[Saved entries]
= = = = =

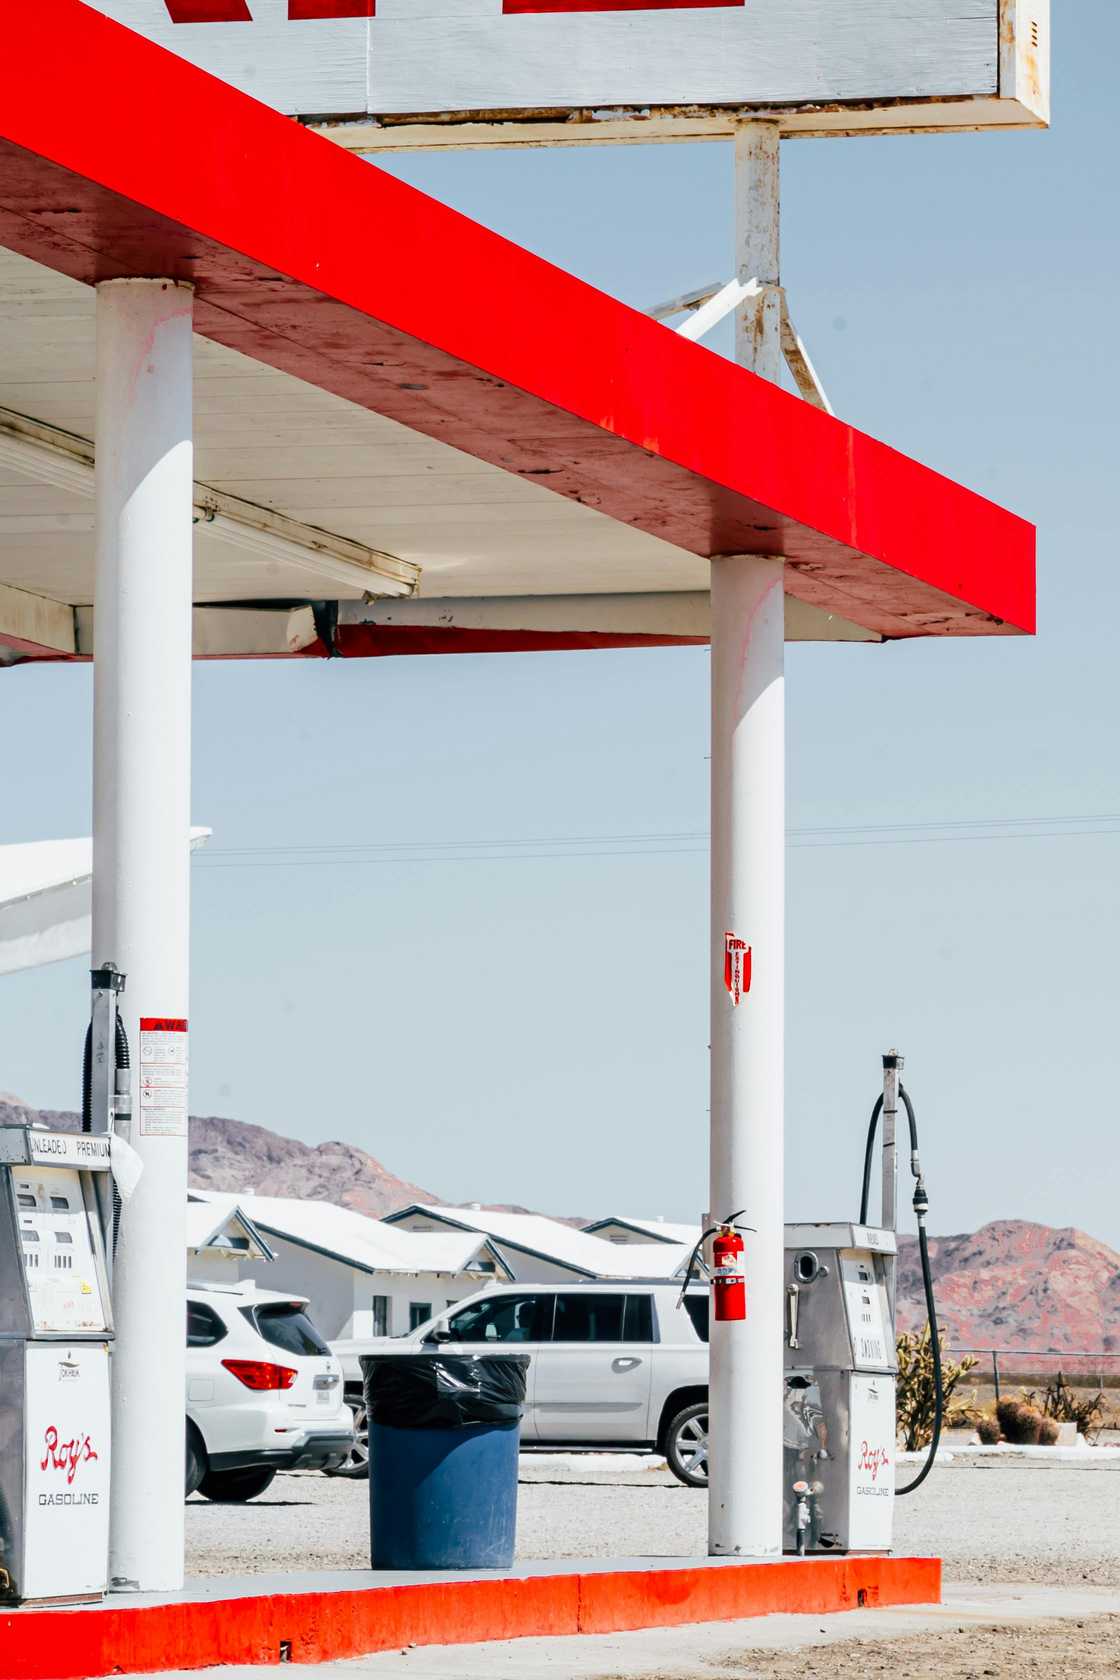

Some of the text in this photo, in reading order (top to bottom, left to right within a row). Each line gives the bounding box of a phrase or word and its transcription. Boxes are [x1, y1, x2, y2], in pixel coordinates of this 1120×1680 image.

[728, 939, 747, 950] FIRE
[40, 1424, 98, 1485] Roy's
[38, 1492, 99, 1506] GASOLINE
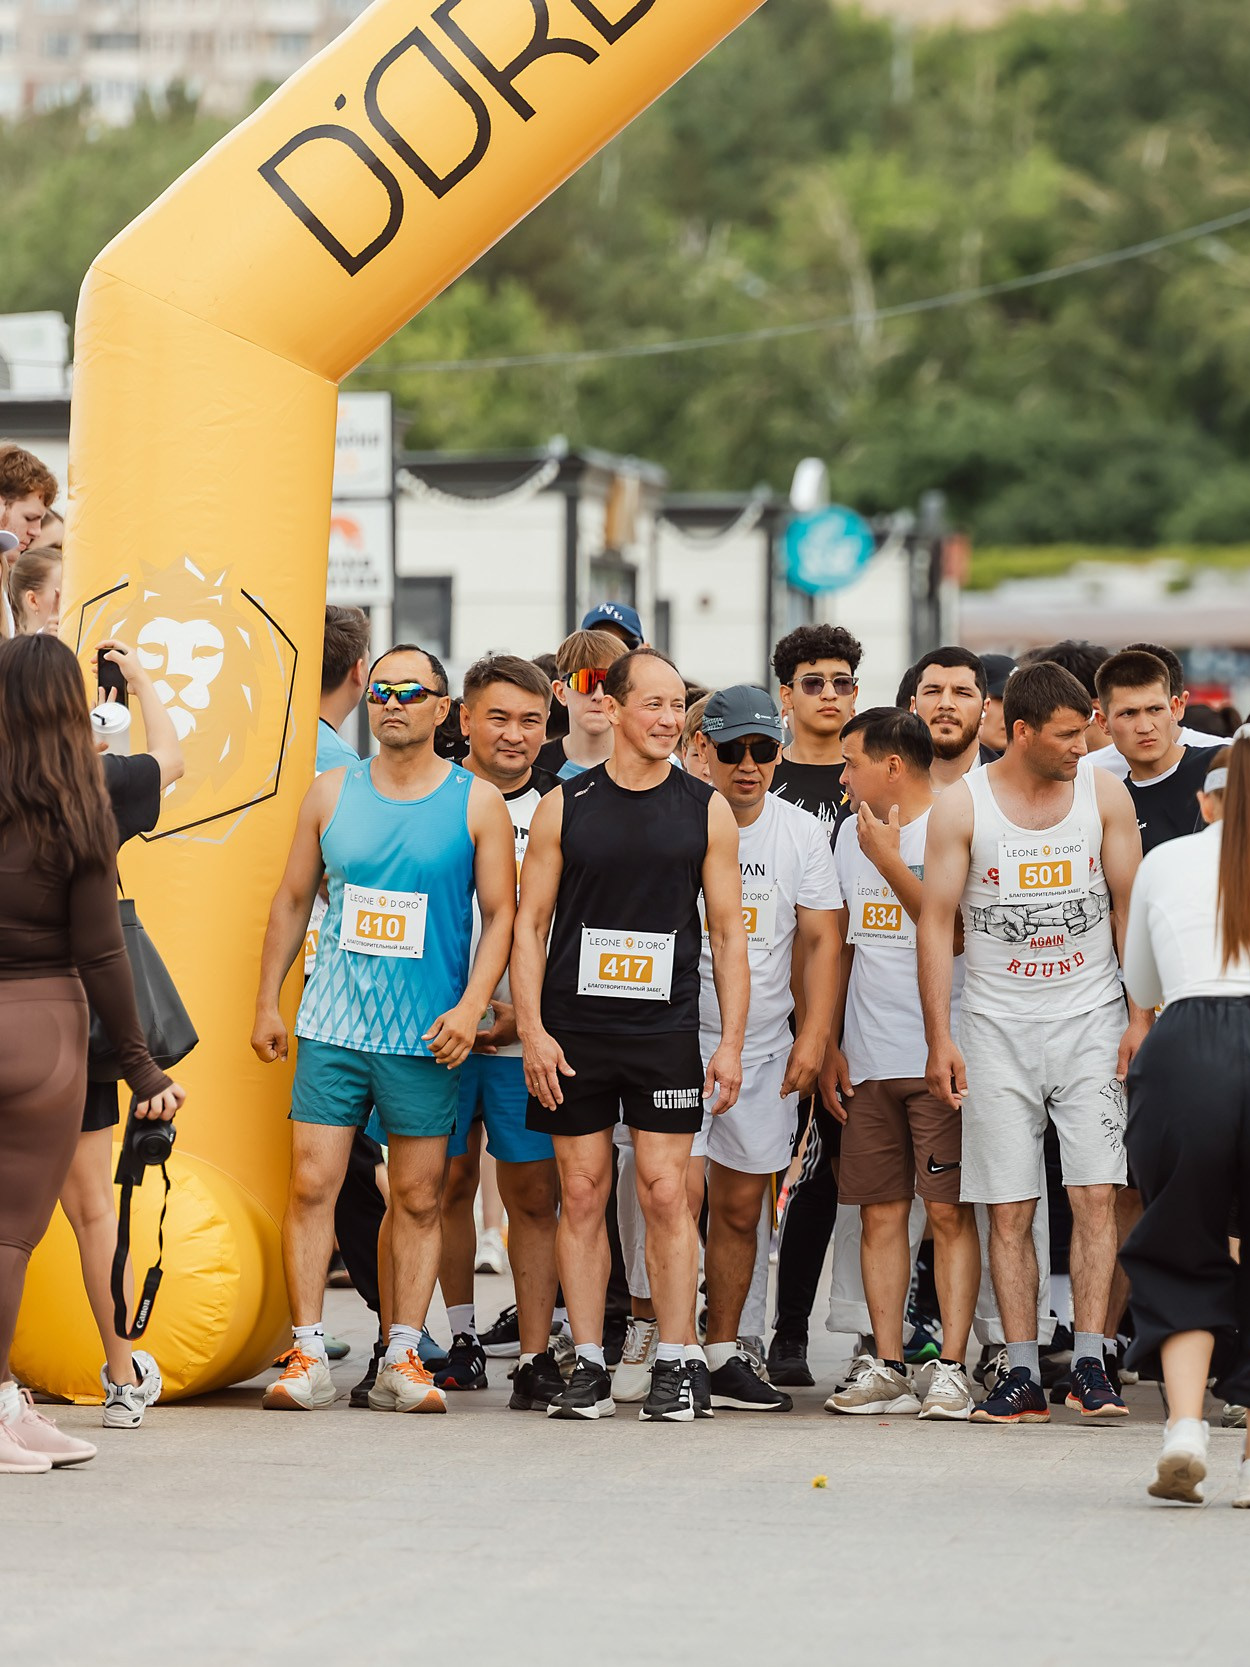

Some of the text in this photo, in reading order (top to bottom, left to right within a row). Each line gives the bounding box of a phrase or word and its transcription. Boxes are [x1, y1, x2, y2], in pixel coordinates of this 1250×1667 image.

[1006, 844, 1082, 858] LEONE D'ORO
[1024, 864, 1064, 886] 501
[349, 893, 375, 906] LEONE
[857, 887, 880, 897] LEONE
[359, 914, 400, 938] 410
[866, 906, 897, 927] 334
[589, 937, 666, 951] LEONE D'ORO
[1030, 934, 1064, 948] AGAIN
[603, 956, 648, 979] 417
[1006, 951, 1085, 978] ROUND
[136, 1299, 151, 1329] Canon

= = = = =

**YOUR GOAL**
Could you output the lines above exactly, with no pictures included?

**TASK SOLUTION**
Some of the text in this photo, in reading order (top to bottom, left to right within a row). Each line gives the bounding box of a phrase or word and its transcription. Boxes are [x1, y1, x2, y2], in pixel coordinates of this 1120×1680 image.

[728, 939, 747, 950] FIRE
[40, 1424, 98, 1485] Roy's
[38, 1492, 99, 1506] GASOLINE

Some of the text in this photo, in reading order (top to bottom, left to right within a row). Each line gives the bounding box of a phrase or word and its transcription. Boxes are [x1, y1, x2, y2], in pixel coordinates of this 1250×1667 image.

[1006, 844, 1082, 858] LEONE D'ORO
[1024, 864, 1064, 886] 501
[349, 893, 375, 906] LEONE
[857, 887, 880, 897] LEONE
[359, 914, 400, 938] 410
[866, 906, 897, 927] 334
[589, 937, 666, 951] LEONE D'ORO
[1030, 934, 1064, 948] AGAIN
[603, 956, 648, 979] 417
[1006, 951, 1085, 978] ROUND
[136, 1299, 151, 1329] Canon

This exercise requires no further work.